The objective is to predict the final standings for the upcoming 2024-2025 NBA regular season. The reason for this project is that, since it hasn't started yet, there's no game data for the upcoming season, which makes it a difficult endeavour. As a result, we decided to rely on other sources of information such as current roster details, franchise history, and preseason odds.
We collected data from Basketball Reference. Our script scraps, formats, aggregates and save the data from different pages dynamically and can be executed for any range of seasons by specifying the start and end years. However, caution is advised when collecting data from older seasons as team names and dataset formats for example may have changed. As of now, the script has successfully gathered data from the 2007 season to the 2025 season. It is recommended to run the script in batches, there's script at the end of the main function to aggregate the collected data into the final dataset.
We engineered several key features from the collected data:
- Player attributes: average player characteristics (age, experience, weight, and height) per team.
- Player salary information: including each team's highest and median salary.
- Top player count: The number of "top players" (defined as players earning more than 20% of the team’s total salary).
- Franchise performance history: total championships, championships in the last 4 years, and total playoff appearances.
The target variable is the team ranking for each season.

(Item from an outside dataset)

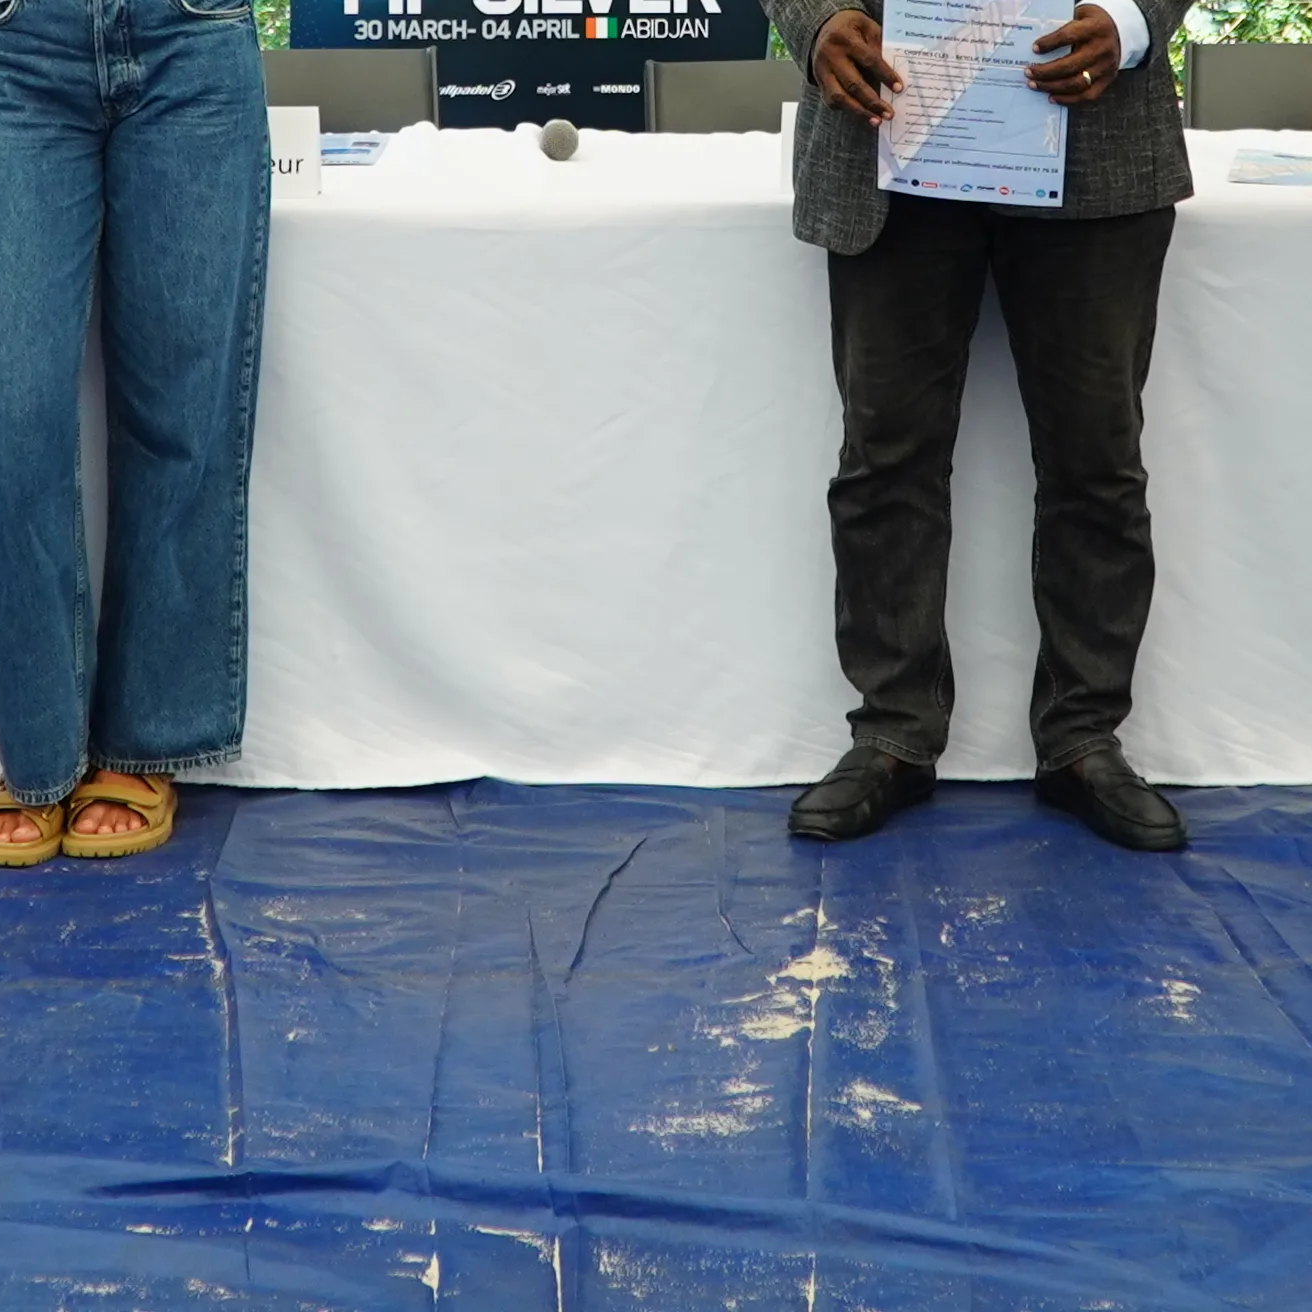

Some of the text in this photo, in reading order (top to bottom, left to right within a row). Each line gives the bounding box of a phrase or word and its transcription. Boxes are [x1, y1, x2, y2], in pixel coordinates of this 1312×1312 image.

Season | Team Abbreviation | Full Team Name | Conference | Avg Age | Avg Exp (years) | Avg Weight (lbs) | Avg Height (inches) | Preseason Odds | Highest Salary ($M) | Median Salary ($M) | Nb of Top Players | Nb of Non-Top Players | Total Championships | Championships (Last 4 Years) | Total Playoff Appearances | Avg Rank (Last 4 Years) | Ranking [TARGET] |
---|
- The Season column uses a single year for the season (e.g., for the 2024-2025 season, the value would be 2025).
Before training, we split the data by conference (Western and Eastern). Each model predicts rankings from 1 to 15 for teams in each conference.
We offer two model choices for training:
- Random Forest (RF): A bagging-based ensemble model.
- XGBoost: A boosting-based ensemble model.
For hyperparameter tuning, we used Grid Search to optimize the model.
After training, the model outputs evaluation metrics such as precision, recall, and F1-score for each rank (1 to 15). The trained model is saved locally as a pickle file.
The best accuracy achieved so far is:
- Western Conference: 69% accuracy
- Eastern Conference: 65% accuracy
- Enhanced feature engineering: Additional metrics like "average standings over the past x years" could provide further insight into a team's recent performance.
- Model refinement: Given that a significant amount of time was spent on data collection, there is likely room to improve model performance.
Predicting NBA standings before the season starts is inherently challenging due to unforeseen events (injuries, trades, etc.) during the season, which cannot be accounted for in the model.